What explains the dramatic increase in the number of Regional Trade Agreements across the world, especially in the last decade-and-a-half? Does the fact that RTAs can have World Trade Organisation (WTO) plus provisions turn them into a preferred negotiating option for developed countries?
WTO negotiations are becoming more difficult for the main developed country players to control in the same manner as before. Regional and bilateral deals have become the preferred framework for determining patterns of cross-border trade and investment, and for enforcing liberalisation and opening up markets in developing countries for capital based in industrialised nations.
RTAs have proliferated at an unprecedented rate compared to previous decades. By the end of 2003, nearly 290 RTAs had been notified with GATT (General Agreement on Tariffs and Trade), and, subsequently, with the WTO. Of these, more than 190 are estimated to be in force, and another 60 or so estimated to be operational but not yet notified.
RTAs have increased dramatically, despite multilateralism, for three reasons. First, RTAs have served to fulfil some aggressively unilateralist attempts by the United States (and later the European Union) to forge specific relations with other partners, independent of what has been happening on the WTO front.
Another factor has been the relative failure of recent WTO rounds, which explains the sharp increase in RTAs post-Seattle and later after Cancun. From the point of view of the developed countries, it is clear that interventions at the multilateral level are now being combined and buttressed with bilateral and regional trading agreements, to ensure control and access to markets across the world.
Finally, RTAs have grown in part due to the desire of developing countries for greater market access, either in developed countries or with each other. As such, the shift has both negative and positive implications for autonomous trade and industrialisation strategies of developing countries.
Would international trade in future be increasingly conducted through RTAs? What are the developmental implications of such a scenario?
International trade is already being conducted through RTAs (according to the WTO’s own assessment, 70% of trade is conducted through RTAs). It is not correct to have one position on RTAs; the exact implications depend on the specific bloc and the nature of the trade preferences provided. However, one needs to keep in mind that there is a world of difference between RTAs, especially in bilateral agreements. These agreements are initiated and pushed through by the governments of major developed countries, under the influence of large capital and aimed at forging trading communities among developing countries to resist the hegemony of large powers in world trade.
While the recent regional and bilateral deals involving major developed countries and weaker developing countries have been unequal and have involved even more extensive opening of markets than is required by the WTO, the uncertainties created by the greater reliance on such arrangements creates some space for engaging in more South-South deals across developing countries. This may have the potential, over time, to reduce the domination of large capital from the major developed economies in global trade and investment.
Should one view RTAs as building blocks to the multilateral trading regime, or as stumbling blocks? Is it possible to have an overall assessment of RTAs as welfare-enhancing or welfare-reducing, from the point of view of developing countries?
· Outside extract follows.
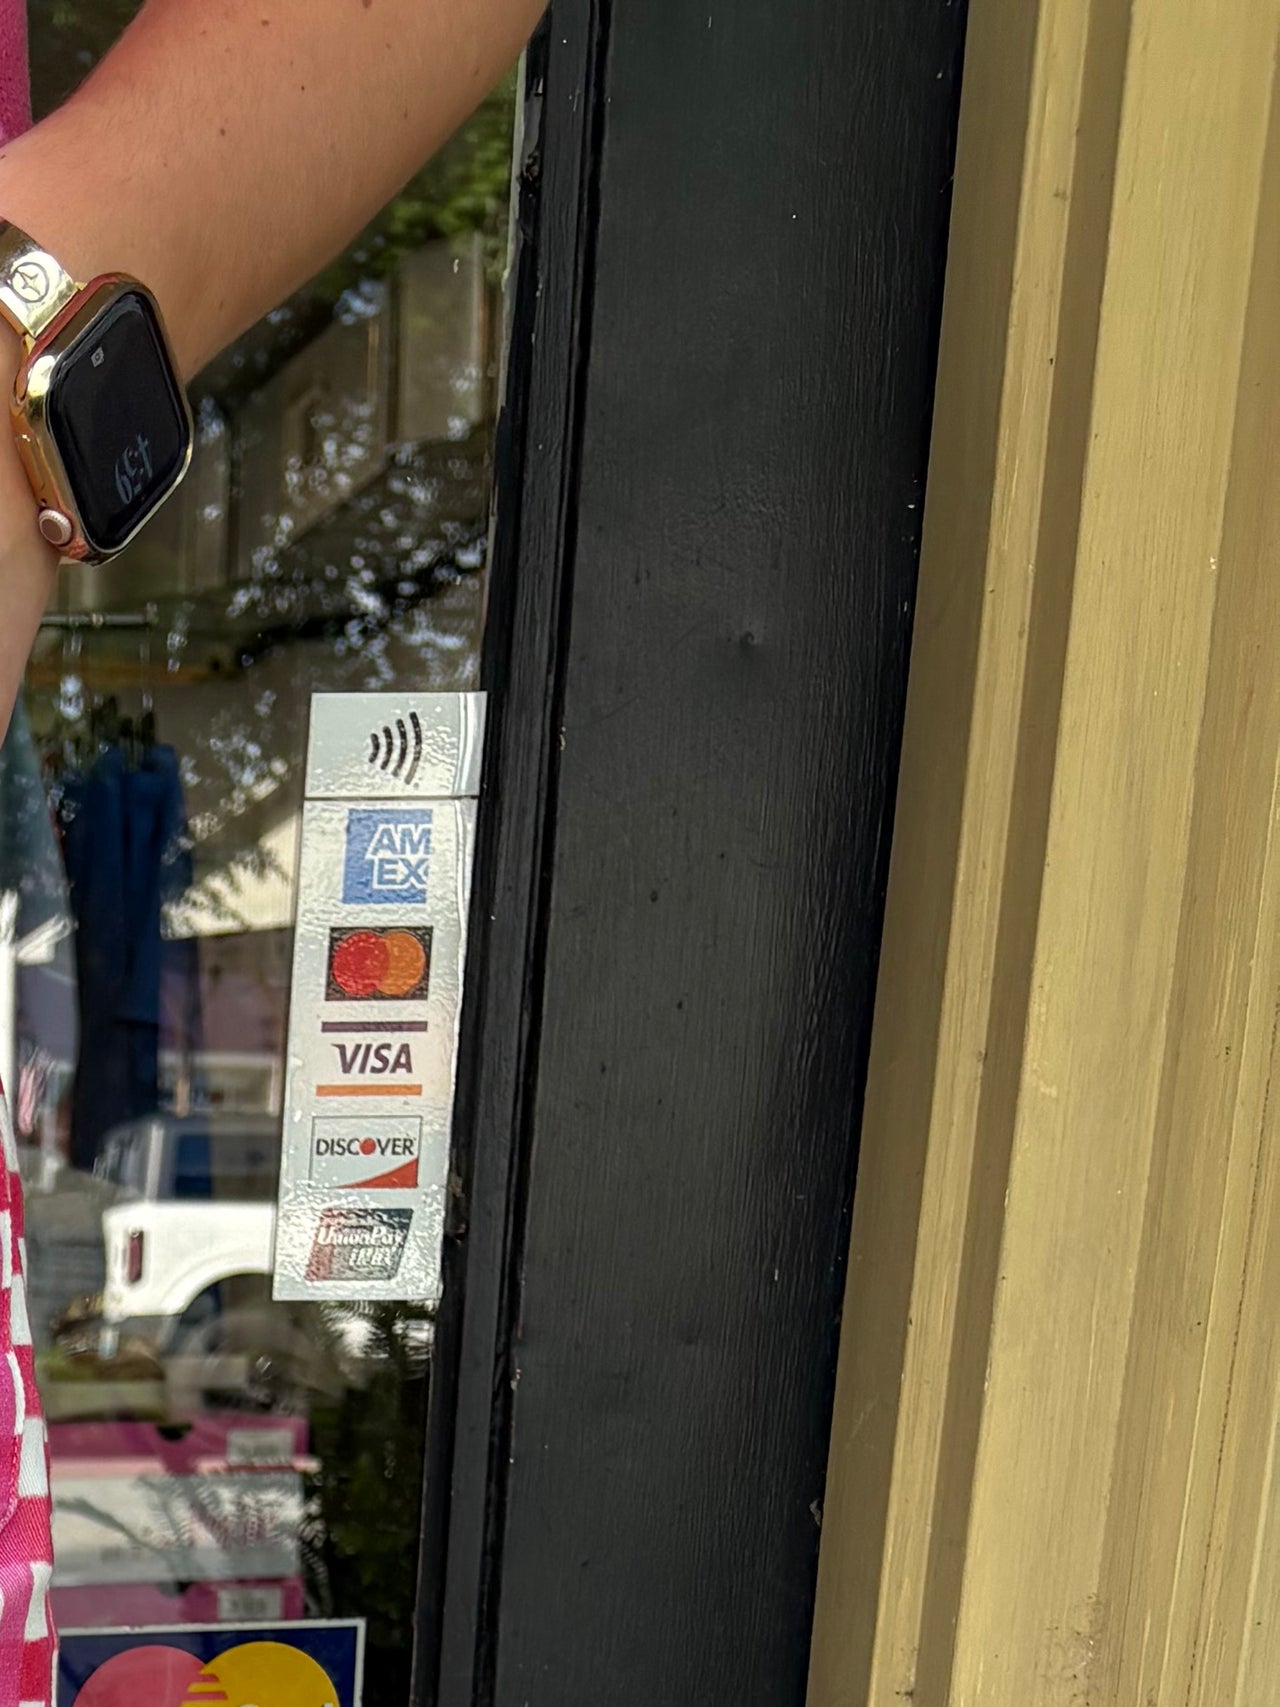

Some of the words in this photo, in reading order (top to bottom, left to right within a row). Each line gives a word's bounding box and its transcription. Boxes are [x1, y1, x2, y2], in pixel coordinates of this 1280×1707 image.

The standard economic theory which looked at the benefits of RTAs through either trade-creation (seen as good) or trade-diversion (seen as bad), assumes full employment and no scale economies and therefore is not really relevant to most countries today. In fact, if trade-creation provides cheaper goods for consumers but also destroys employment and livelihoods for large parts of the population (as happened with the peasantry and small producers in Mexico), then it is not good.
Conversely, if trade-diversion preserves some employment in a country in a period of recession or falling employment in other activities (as happened in some Latin American Southern Cone Common Market [or MERCOSUR] countries), then it is good.
So we should not have a doctrinaire approach but assess each RTA separately in terms of its own conditions and implications. It is true that when RTAs are between very unequal partners (usually because the weaker partner desires more market access in the economy of the bigger partner), then it may reinforce existing inequalities.
How do you think countries like India should strategise while deciding for or against RTAs, in light of the current impasse in the multilateral process at the WTO?
Today, most RTAs by developing countries are determined by the desire to get more market access, which, in turn, is driven by the obsession with export growth as the main instrument of economic expansion. This leads developing countries to accept all sorts of very damaging conditions in terms of foreign investment protection, intellectual property rights and the opening up of markets, simply to avail of what may be transient or minor gains in terms of market access.
Sometimes, it is simply the fear of losing existing markets to rivals that leads countries to engage in potentially problematic free trade agreements. Such agreements can then become a means of leverage in the WTO as well, allowing the large players to get more developing countries to accept multilaterally what they have already acceded to on a bilateral or regional basis.
What should be the key elements of a cost-benefit analysis for developing countries like India while engaging with RTAs?
The basic concern for India at present should be the likely impact of RTAs on livelihood and employment. Thus, the impact on agriculturalists, small-scale producers and workers should be the primary concern. All market access considerations should be judged in that light. Also, India should focus its attention on the manner in which RTAs are likely to affect domestic investment and growth in future through investment rules and intellectual property arrangements.